FOR IMMEDIATE RELEASE:
May 17, 2011

Silver Announces Legislation to Prevent a Tax Windfall for Millionaires and to Avoid Unnecessary Cuts in School Aid

As Teacher Layoffs Loom, Legislation Would Fund Our Children's Education

As residents in school districts across the state go to the polls today to vote on school budgets that will slash thousands of teaching jobs, Assembly Speaker Sheldon Silver and Ways and Means Committee Chair Herman D. Farrell, Jr., announced they have introduced legislation (A.7802) aimed at stopping a tax reduction slated to benefit millionaires and multi-millionaires.

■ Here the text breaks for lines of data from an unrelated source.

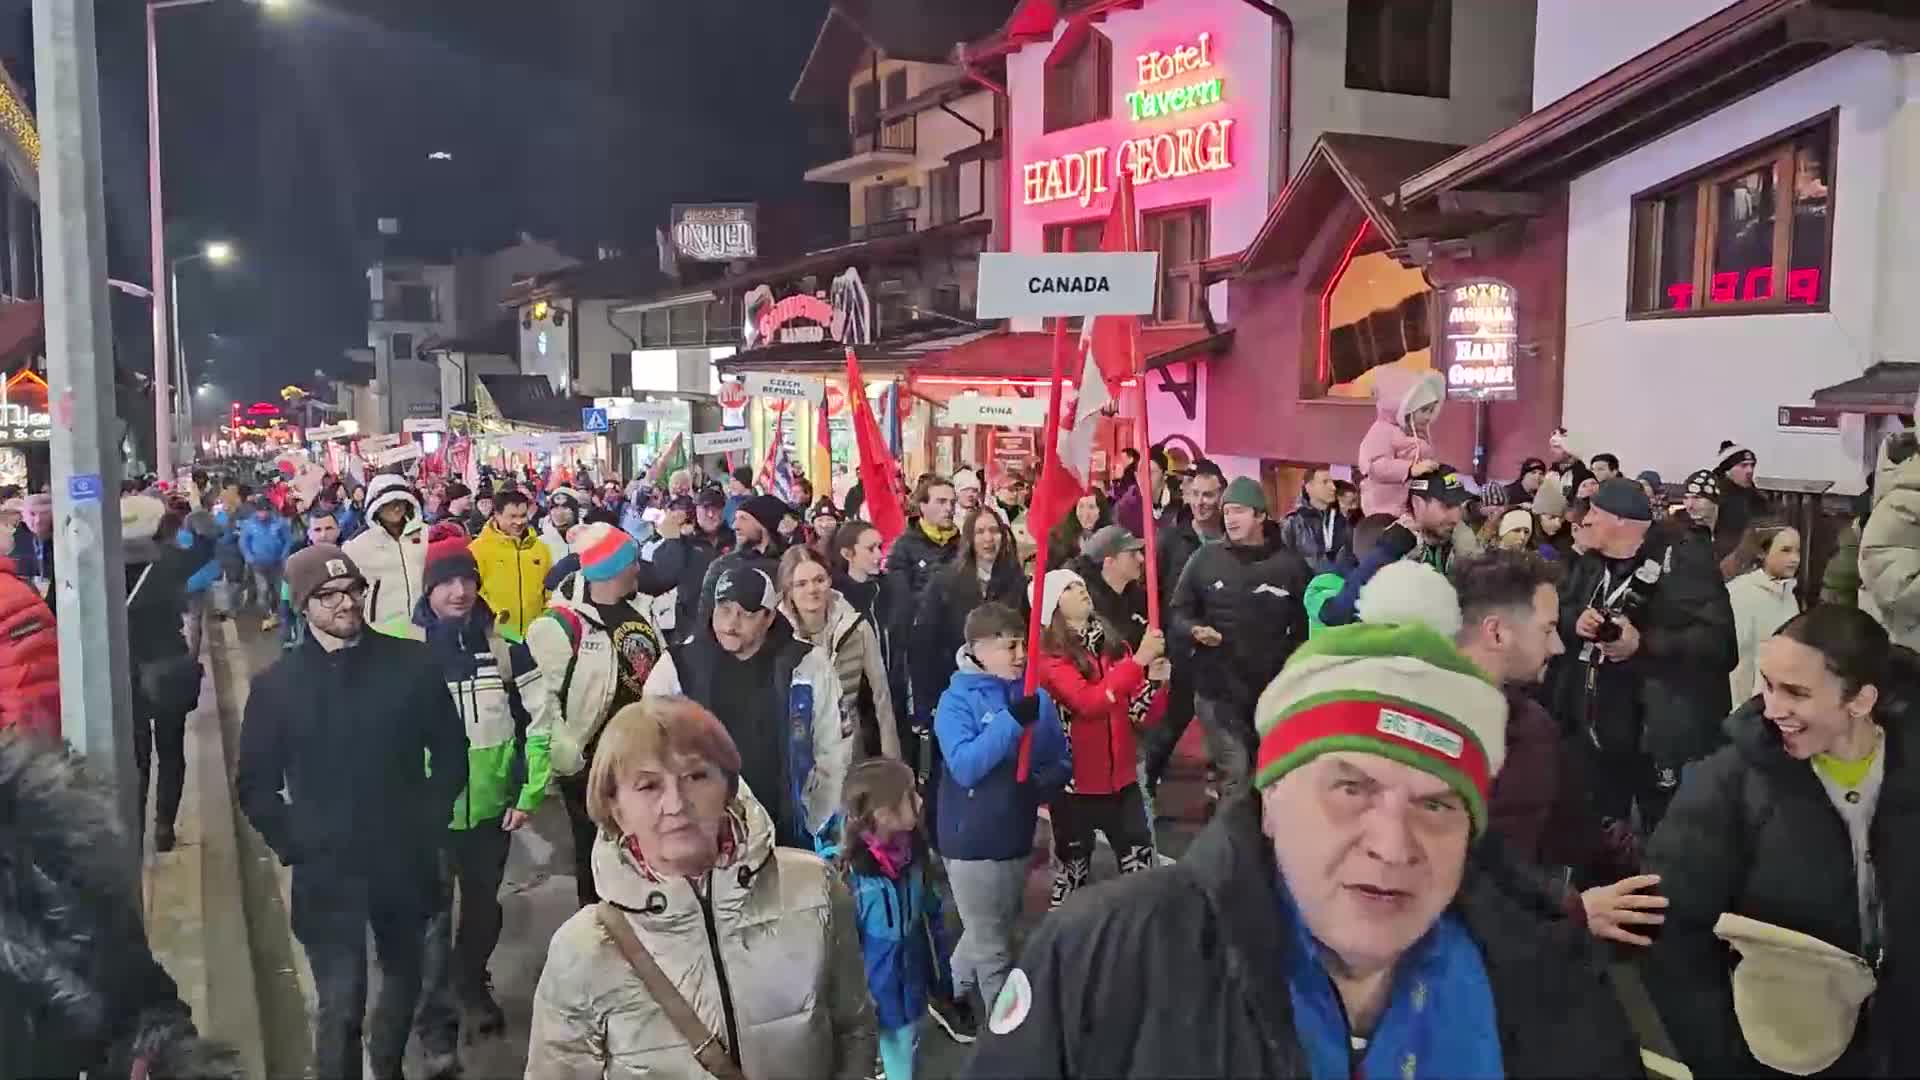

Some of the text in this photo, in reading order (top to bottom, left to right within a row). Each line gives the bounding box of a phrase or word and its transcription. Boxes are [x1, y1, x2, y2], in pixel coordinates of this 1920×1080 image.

[1136, 32, 1212, 86] Hotel
[1125, 78, 1223, 121] Tavern
[1023, 119, 1233, 208] HADJI GEORGI
[1028, 276, 1110, 294] CANADA
[1455, 283, 1509, 302] HOTEL
[762, 386, 806, 397] REPUBLIC
[770, 379, 801, 388] CZECH
[979, 406, 1013, 415] CHINA
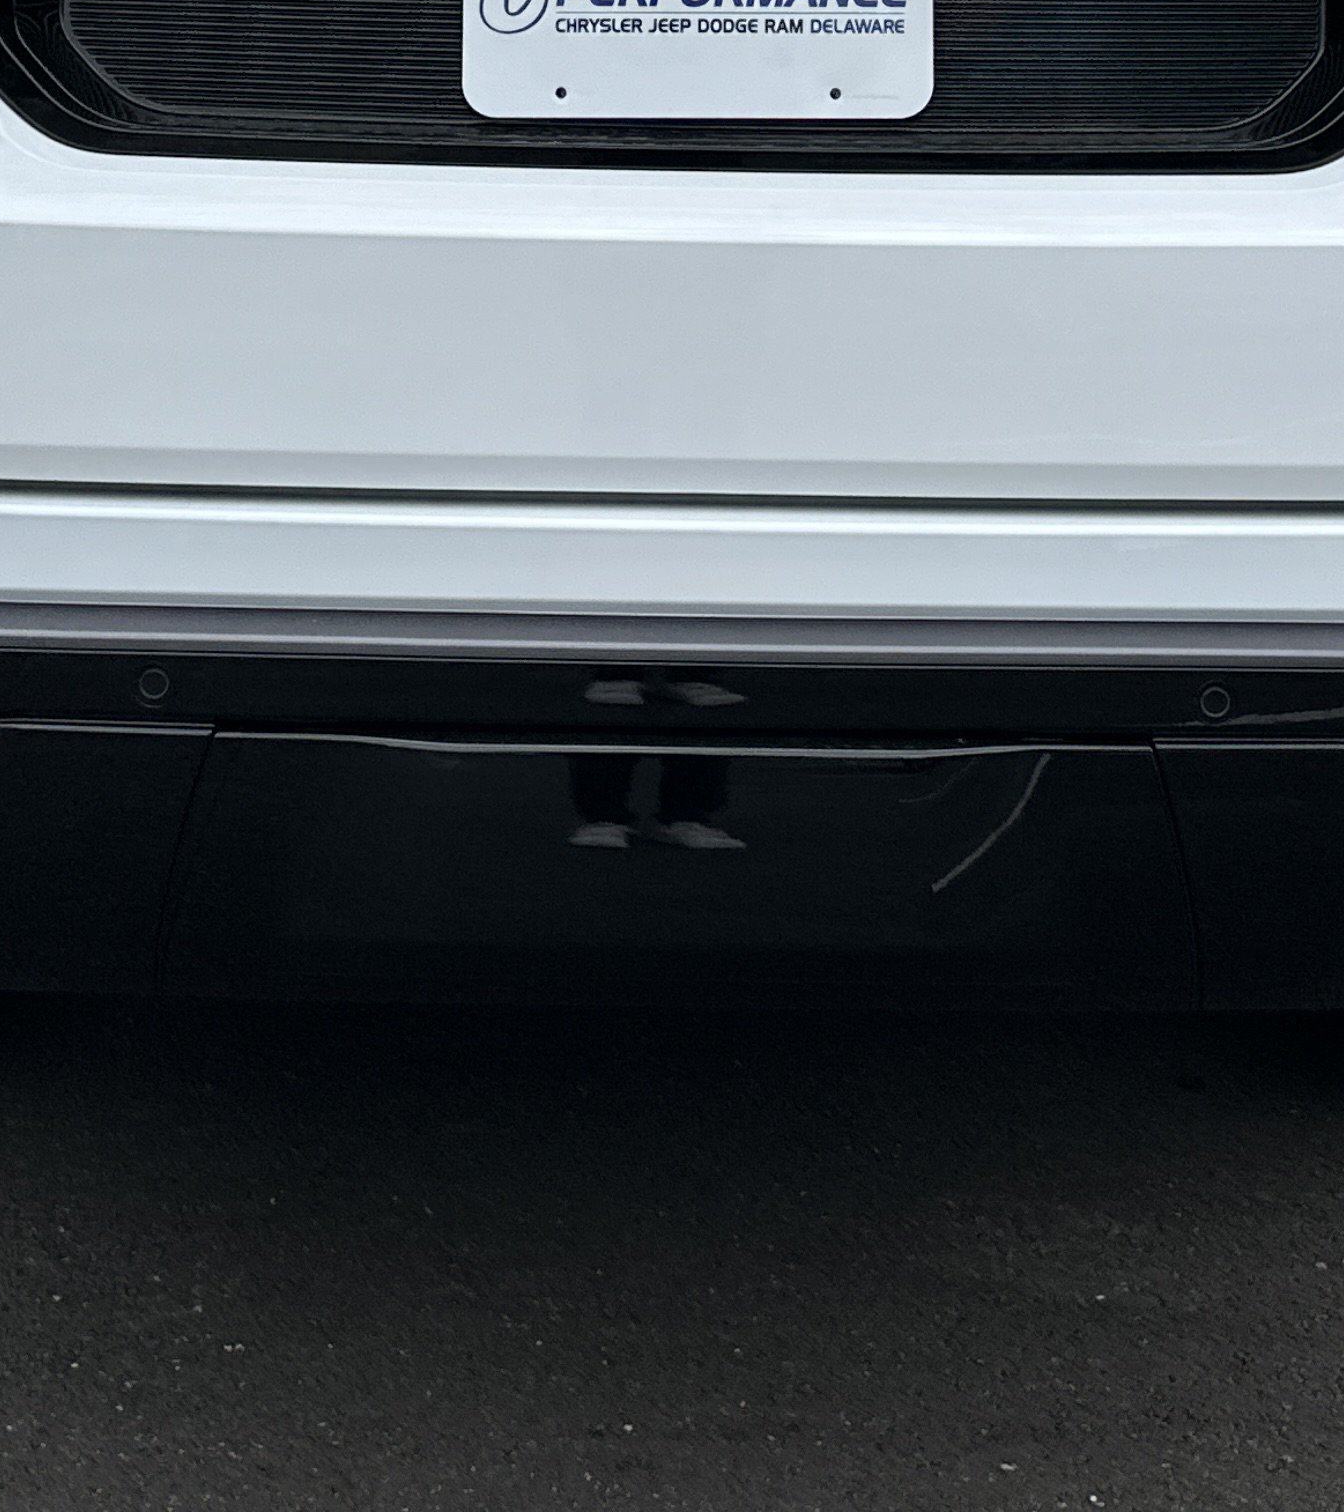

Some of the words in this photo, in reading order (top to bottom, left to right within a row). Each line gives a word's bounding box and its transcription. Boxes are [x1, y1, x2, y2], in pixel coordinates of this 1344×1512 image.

[555, 17, 643, 34] CHRYSLER
[648, 18, 692, 34] JEEP
[697, 18, 759, 34] DODGE
[764, 18, 804, 34] RAM
[810, 18, 906, 35] DELAWARE

The legislation would prevent a lowering of the existing tax rate for the wealthy, help schools stave off the worst cuts, and give them the resources so that our children's education will not be shortchanged. The Assembly's proposal would affect only those earning more than $1 million in adjusted gross income, which constitutes less than one percent of all taxpayers.

"Quite simply, this is a moral imperative. We should not give a special handout to multi-millionaires and billionaires while our children's futures are in jeopardy," said Silver (D-Manhattan), noting that the affluent are already reaping the huge benefits of the Bush-era tax cuts extended by the federal government. "This legislation not only ensures that millionaires and multi-millionaires remain in their current tax bracket until 2013, it also makes certain that a large portion of their contribution goes directly to our schools."

Under the legislation, the current top tax rate of 8.97 percent would be extended through 2012. The bill also creates a special education assistance fund to support school districts and boards of cooperative educational services (BOCES). Under the legislation, 30 percent of the additional revenues collected from the surcharge will be dedicated to school districts.

"School districts across the state are being forced to cut hours, services and programs at the expense of our children," said Farrell (D-Manhattan), adding that thousands of teachers could lose their jobs if the tax handout is allowed to take effect. "It is not unreasonable or unfair to ask someone who is netting more than a million dollars to continue paying the same taxes they have in the past."

"Even with the extension of the surcharge, millionaires and multi-millionaires are seeing a significant net benefit as a result of the extension of the Bush-era tax cuts that lowered the top rate to 35 percent from 39.6 percent," said Silver. "There is no reason, in these troubled times, for New York to give the very rich an even greater tax break."